The form is also known as the wage and tax statement and contains information concerning your tax withholdings and earnings that you can use to file individual income tax returns. It includes your local, state and federal wages, tips and other forms of compensation you receive.
In addition, it contains details about your payroll taxes, dependent care benefits, nonqualified deferred compensation distributions and retirement plan contributions, among others.
Getting the IRS Form W-2 Copy
Typically, during tax season, employers are supposed to file Form W-2 by the end of January. Ideally, as an employee, you should have received a copy of that form by that time. However, that is not always possible.
If you don’t receive the electronic Form W-2 on time, check through your physical mail. It may have arrived later than you anticipated if it was mailed. But if you don’t see it, contact your employer via the human resources department and inquire whether it was sent.
If the employer forgot or used the wrong address, they can rectify the matter by sending it in-person, electronically or through the mail. However, if they fail to send the form for other reasons and show no signs of doing so, you must sort out the problem.
The next step would be to reach out to the IRS and let them know the situation.
Contacting the IRS About Form W-2
You need to contact the IRS about Form W-2 if you have not received it by the end of February. And then, the IRS will send a replacement form to the employer. The number to call is 1-800-829-1040.
Be sure to have all relevant personal details, information about your employer, employment period and the estimates of the taxes withheld during the year for which you want to file taxes.
Using Form 4852: Substitute for Form W-2
Unfortunately, there is no guarantee that your replacement W-2 form will reach you on time. However, since you cannot risk filing late and dealing with IRS tax penalties, you have no choice but to use Form 4852 in the meantime.
Therefore, it is important to know how to make W-2 from the last paycheck. In addition, learning how to get tax info from last paychecks will come in handy when completing the 4852 form and filing other tax returns.
Remember, you cannot use the form unless you have notified your employer and the IRS of your situation concerning the missing or incorrect W-2 form.
Read More: W-2 Forms: What It Is, Who Gets One & How It Works
Getting Tax Info From Your Last Paycheck
Your paycheck can enable you to get the tax info you would have obtained from Form W-2. And then, you can use the available details to file your individual federal and state income taxes.
Below are tips on how to make W-2 from the last paycheck you received.
- Take a look at your gross and year-to-date (YTD) income to determine what you make in income before deductions and taxes, and how much you have earned from the beginning of the year. And ideally, what you earn as YTD must match what is in W-2 forms by the end of the year.
- Compare your gross earnings to the net pay to determine how much money you are paying in taxes and other contributions, such as those you make to retirement plans.
- The paycheck also contains the taxes your employer has withheld. These include federal, state, local and payroll taxes like FICA and Medicare taxes. You can convert them into an annual total to determine how much taxes of each kind you are paying per year.
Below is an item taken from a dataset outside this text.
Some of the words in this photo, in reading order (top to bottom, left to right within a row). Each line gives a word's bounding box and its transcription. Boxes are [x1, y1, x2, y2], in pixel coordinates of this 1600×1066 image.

- The deductions within your paycheck will fall under both pre-tax and after-tax categories. Adding your deductions can enable you to determine your gross earnings. However, pre-tax deductions are usually exempt from federal and state income taxes. On the other hand, after-tax deductions are taxable. In addition, some deductions are exempt from payroll taxes, while others are not.
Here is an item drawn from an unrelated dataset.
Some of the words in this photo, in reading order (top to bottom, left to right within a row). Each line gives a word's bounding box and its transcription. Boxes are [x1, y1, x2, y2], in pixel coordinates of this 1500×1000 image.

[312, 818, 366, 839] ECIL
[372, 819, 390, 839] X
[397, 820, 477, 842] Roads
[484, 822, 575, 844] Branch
- The benefits section of your paycheck may help you fill in the details concerning the benefits you receive from your employer. And some may be taxable, which means they qualify as compensation. So, you must add them to your net pay to determine taxable gross earnings.
- You can also use the paycheck to determine whether your names, taxpayer identification number, withholding amounts and filing status are accurate.
By figuring out the information you would have obtained from a W-2 form from your paycheck, you can file taxes on time and avoid IRS late tax filing and payment penalties. And if you eventually receive W-2 forms, you can always use the information to amend your tax returns by completing Form 1040-X.